Philanthropy Supports Individualized Behavioral Health Care

May is Mental Health Awareness Month, a time to recognize and thank the talented mental and behavioral health specialists at UPMC Children’s for their important work. Throughout our hospital, there are many licensed psychologists dedicated to supporting specific service lines. One of these health care heroes is Tarin Santamaria, PsyD, who provides behavioral health services tailored to meet the unique needs of children receiving care through the Down Syndrome Center (DSC) of Western Pennsylvania.

Making Specialized Support Accessible

Many children with Down syndrome benefit from specialized behavioral health support for social, emotional, communication, and adaptive skill development, as well as challenging behaviors. To make this care as accessible and individualized as possible, the DSC and UPMC Children’s Hospital Foundation raised philanthropic dollars to create Dr. Santamaria’s dedicated role.

“When my colleagues refer a child and family to me, my first priority is to get to know them and really understand their child’s unique needs and goals,” Dr. Santamaria said. “Because I specialize in Down syndrome, I have the background medical and mental health knowledge that allows me to identify the root cause of their challenges and the most effective treatment plan.”

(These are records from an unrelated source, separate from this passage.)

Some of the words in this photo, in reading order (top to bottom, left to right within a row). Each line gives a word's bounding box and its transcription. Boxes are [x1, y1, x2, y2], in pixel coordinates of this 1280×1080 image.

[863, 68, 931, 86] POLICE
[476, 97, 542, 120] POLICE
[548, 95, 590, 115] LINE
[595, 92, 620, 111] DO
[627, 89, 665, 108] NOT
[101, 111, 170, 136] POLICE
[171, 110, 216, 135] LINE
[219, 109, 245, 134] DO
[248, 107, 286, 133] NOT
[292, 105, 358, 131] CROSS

Helping to Solve Behavioral Challenges

Dr. Santamaria puts her extensive medical knowledge about Down syndrome to work each and every day while working with kids and families. For example, she often meets parents who report that their child can’t concentrate and behaves disruptively at school. She knows children with Down syndrome are at high risk of developing sleep apnea, and poor sleep can result in difficulty focusing and irritability. She can then work with parents and medical providers to determine if the behavioral issues are linked to an underlying sleep issue.

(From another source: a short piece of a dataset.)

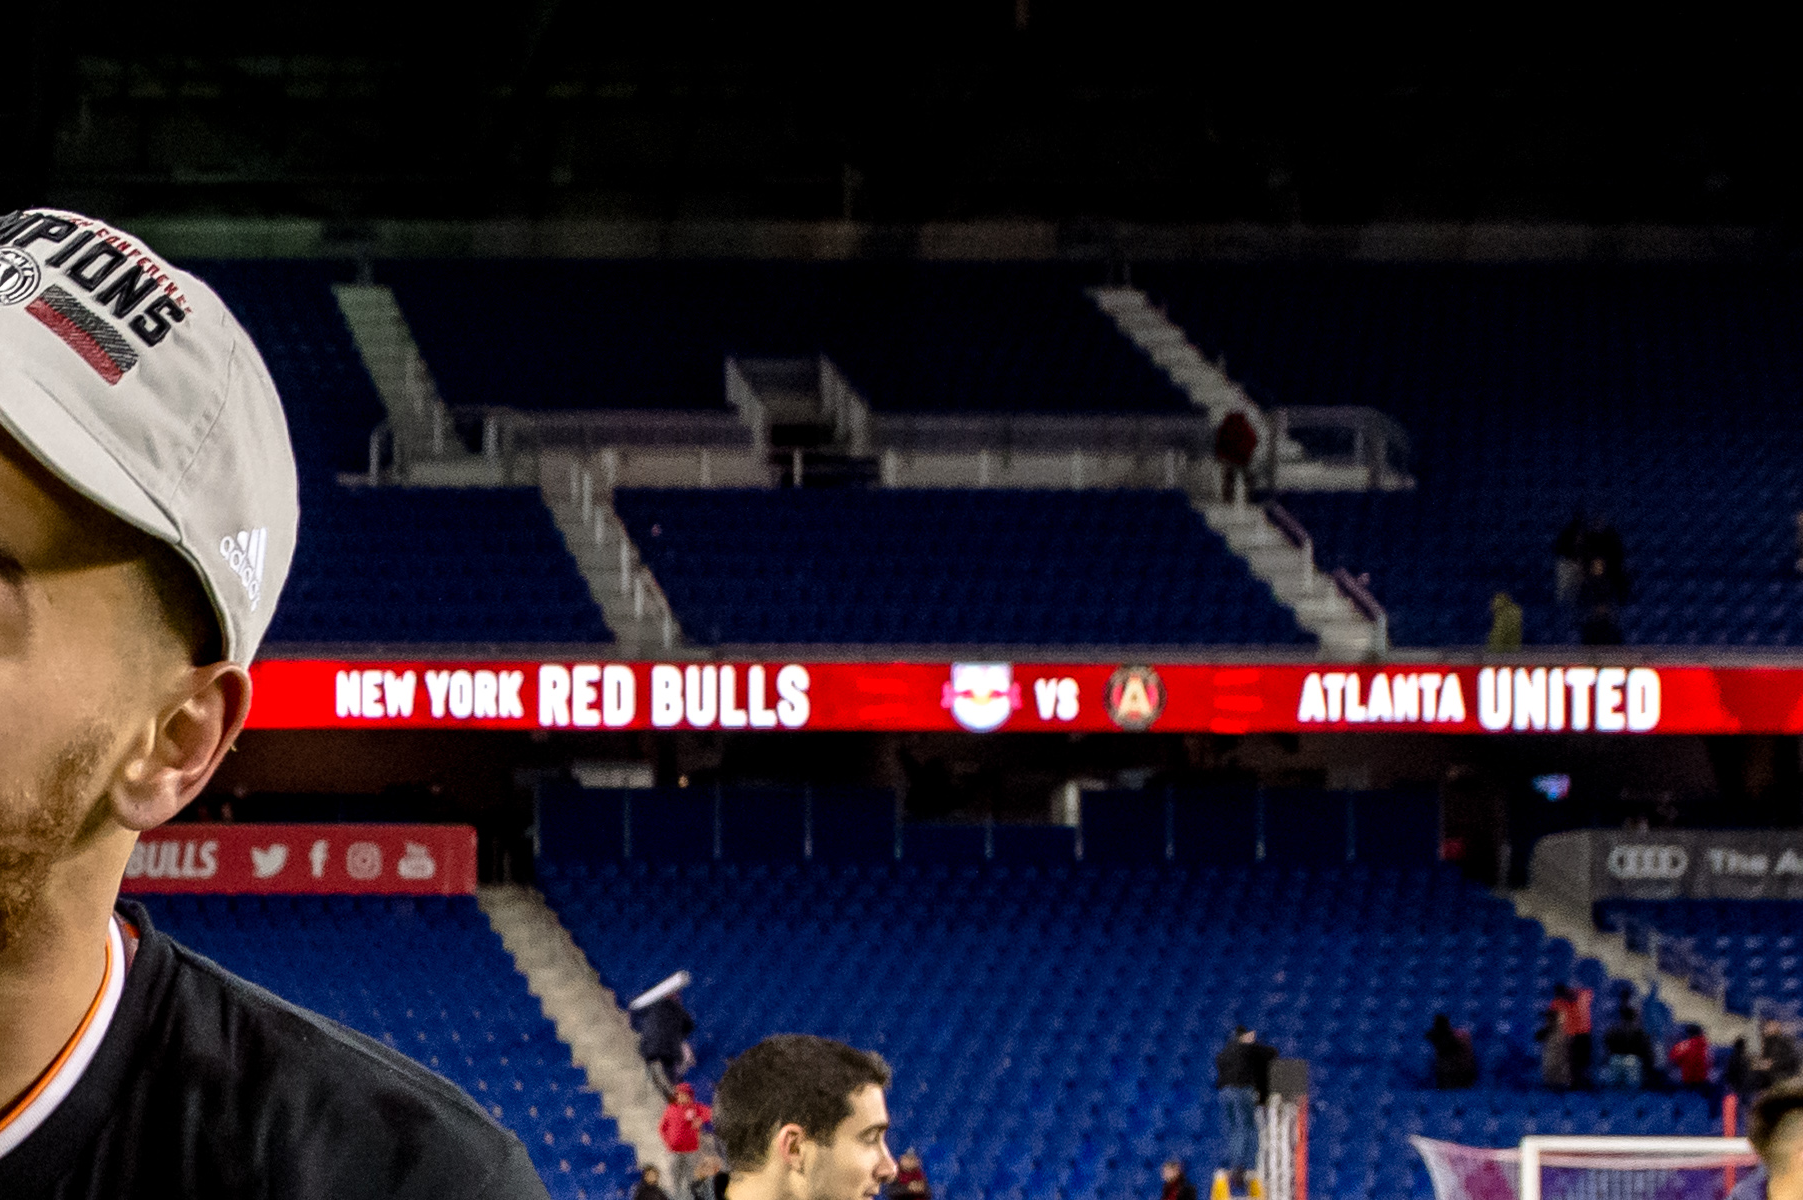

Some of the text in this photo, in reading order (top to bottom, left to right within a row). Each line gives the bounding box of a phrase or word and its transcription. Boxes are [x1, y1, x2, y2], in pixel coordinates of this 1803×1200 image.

[335, 664, 810, 728] NEW YORK RED BULLS
[1298, 667, 1661, 732] ATLANTA UNITED

Another common reason for behavioral challenges among children with Down syndrome is that they often experience delayed language development. What parents and educators interpret as misbehavior, Dr. Santamaria explained, can be related to a medical need or area of skill deficit. “I often see parents who are concerned because their child pushed another child at daycare. For a child who can’t communicate with spoken words yet, a push might be their way of saying they want to play! In this case, we create a plan to help improve communication skills and teach the child how to request to play with another child,” she explained.

According to Behavioral Science Division Program Director Chelsea Grefe McCann, PsyD, structuring care in this way holds immense benefits for patients. “Embedded behavioral health providers like Dr. Santamaria help improve medication adherence and behavioral problems while decreasing anxiety and the length of inpatient stays,” said Dr. Grefe McCann. “They work collaboratively with our medical teams to significantly enhance continuity of care long-term for patients.”

Expanding Support Across Pennsylvannia

After the pandemic, Dr. Santamaria’s caseload saw a 201% increase. In addition to working with patients at the main hospital and its satellite locations, she supports families across the state of Pennsylvania through telemedicine, expanding care into rural areas where services are otherwise limited.

Dr. Santamaria, Dr. Grefe McCann, and all of their colleagues in the Behavioral Science Division are going above and beyond to expand care and improve outcomes for our patients. This Mental Health Awareness Month, we want to say a special thank you to their team, and to all of the individual donors and organizations who generously support their work.